(Items listed in a dataset)
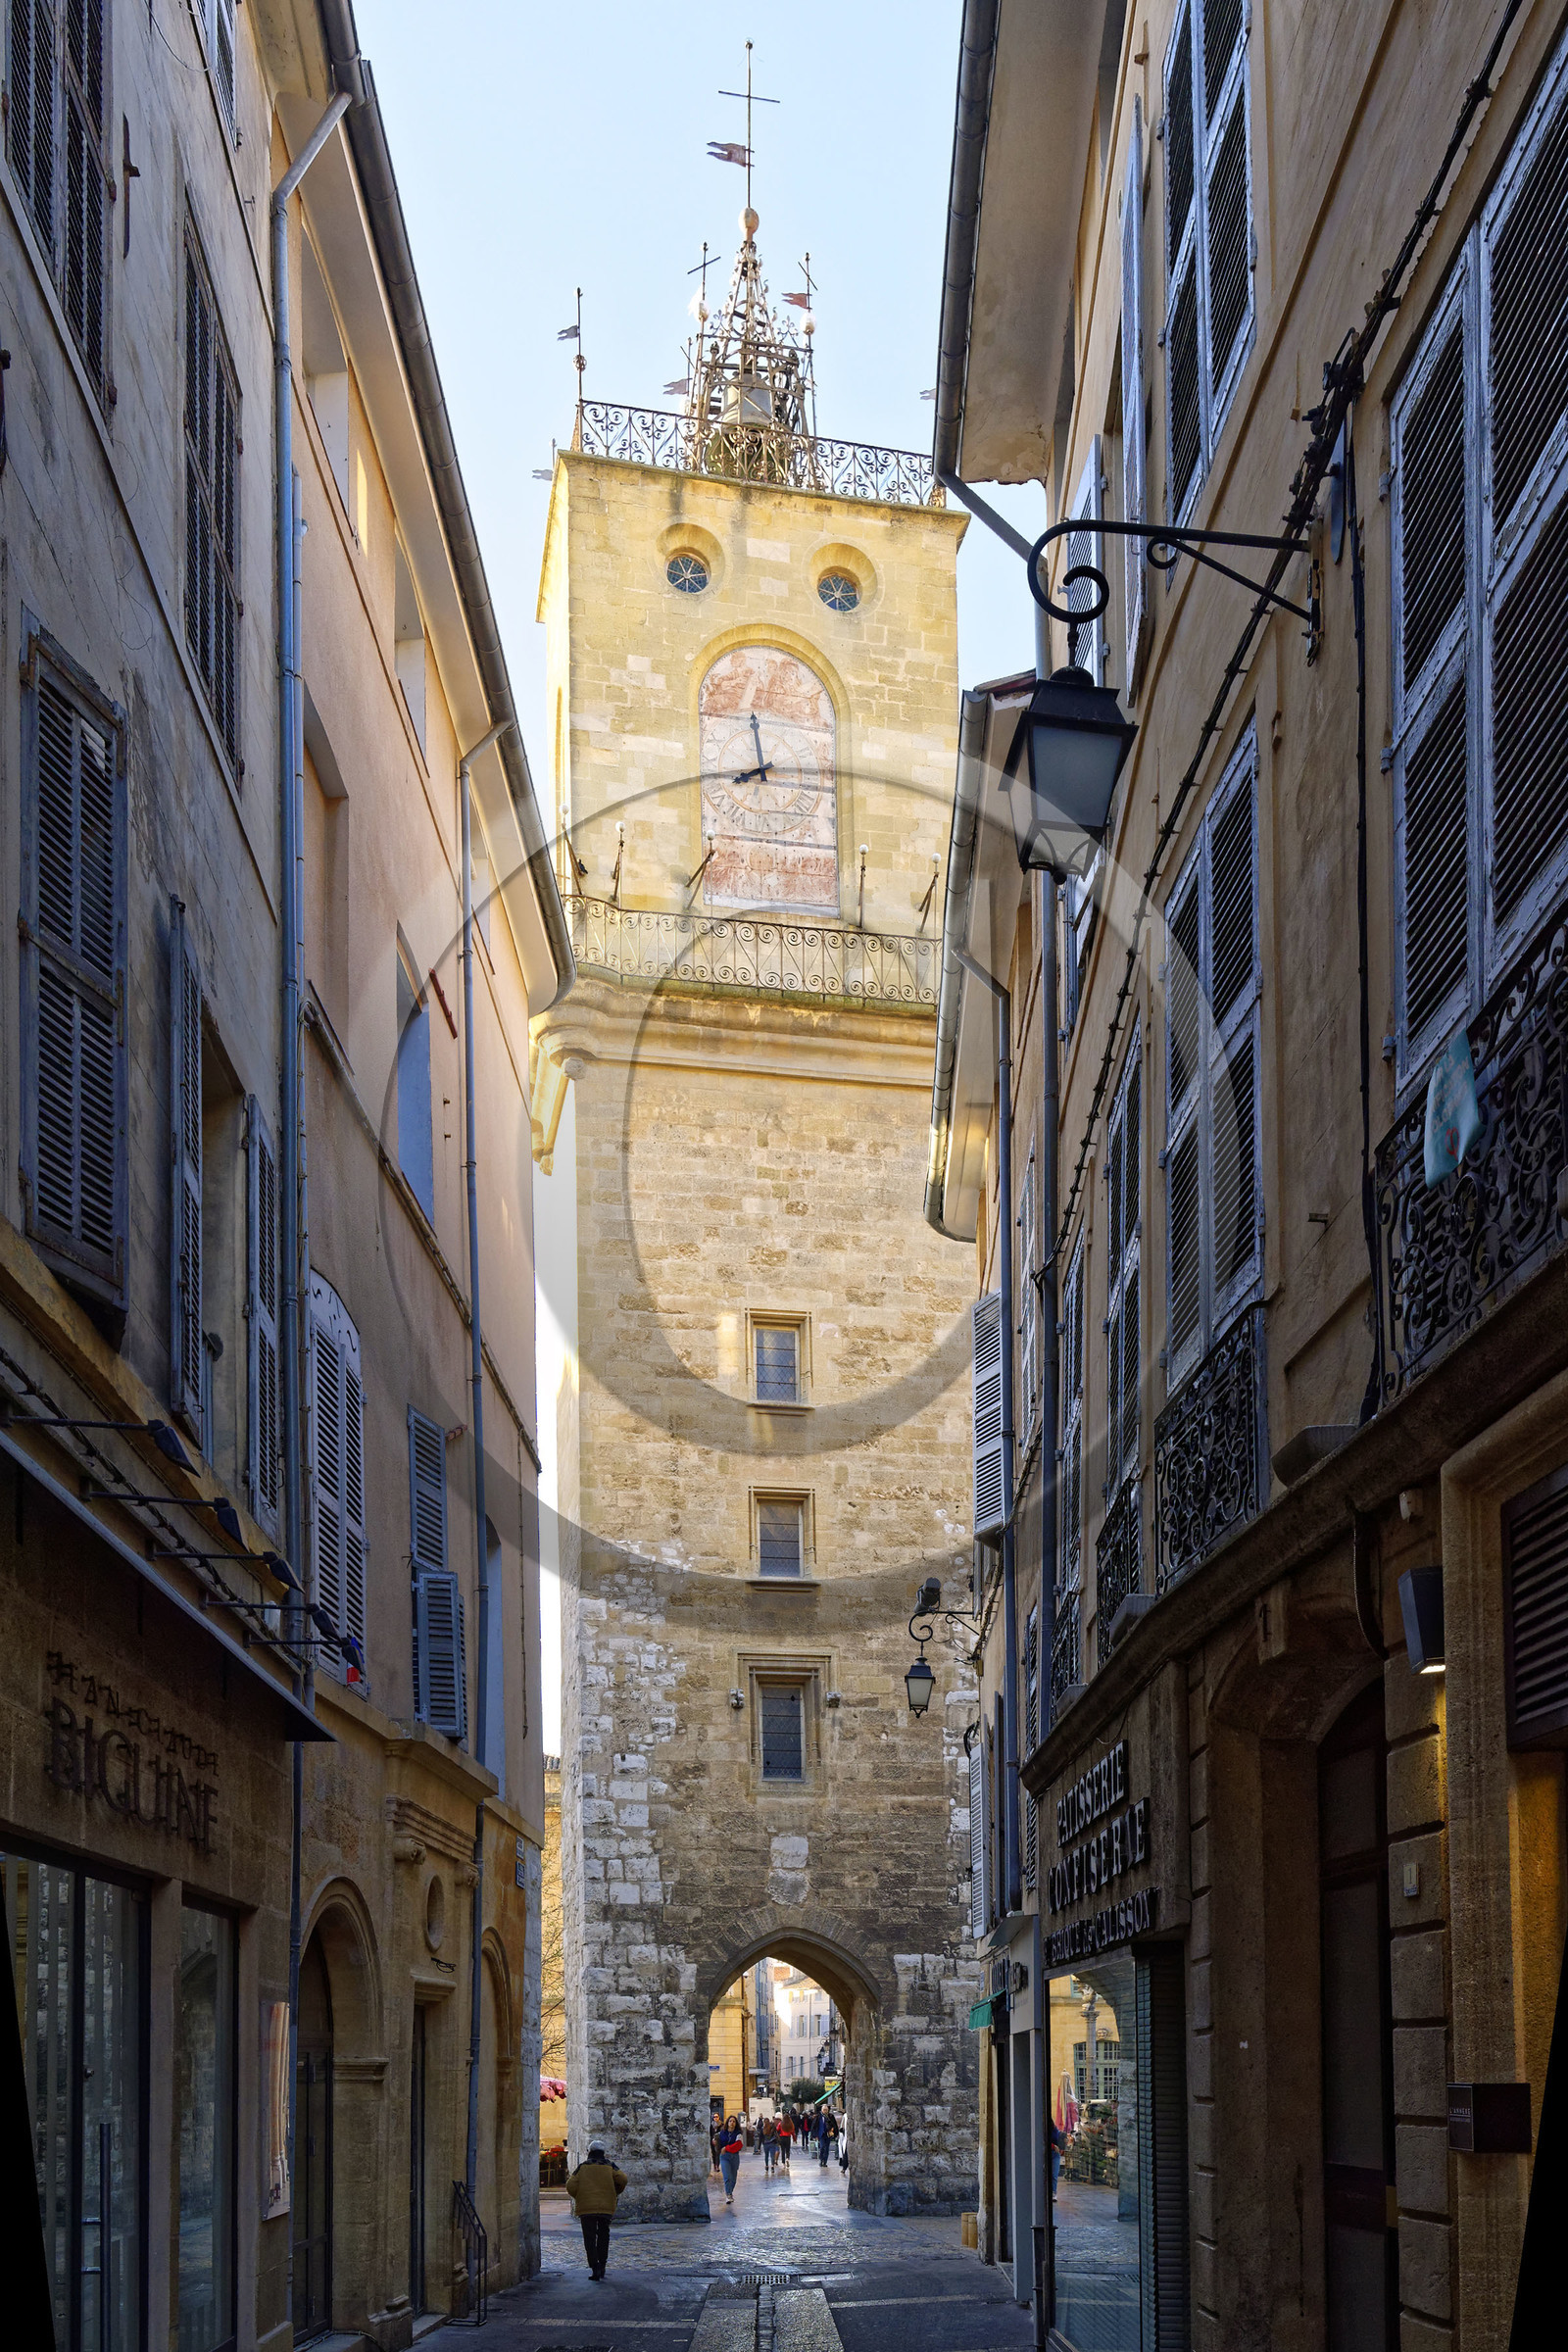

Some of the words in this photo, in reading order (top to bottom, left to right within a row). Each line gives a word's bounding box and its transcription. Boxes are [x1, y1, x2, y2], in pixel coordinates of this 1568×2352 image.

[45, 1696, 218, 1855] BIGUINE
[1056, 1740, 1128, 1847] PATISSERIE
[1048, 1797, 1150, 1914] CONFISERIE
[1044, 1921, 1080, 1966] BRIQUE

**Work item:** The entries above need to be output again in full, exactly, and without pictures.

**Answer for the task:**
Some of the words in this photo, in reading order (top to bottom, left to right within a row). Each line gives a word's bounding box and its transcription. Boxes are [x1, y1, x2, y2], in pixel coordinates of this 1568×2352 image.

[45, 1696, 218, 1855] BIGUINE
[1056, 1740, 1128, 1847] PATISSERIE
[1048, 1797, 1150, 1914] CONFISERIE
[1044, 1921, 1080, 1966] BRIQUE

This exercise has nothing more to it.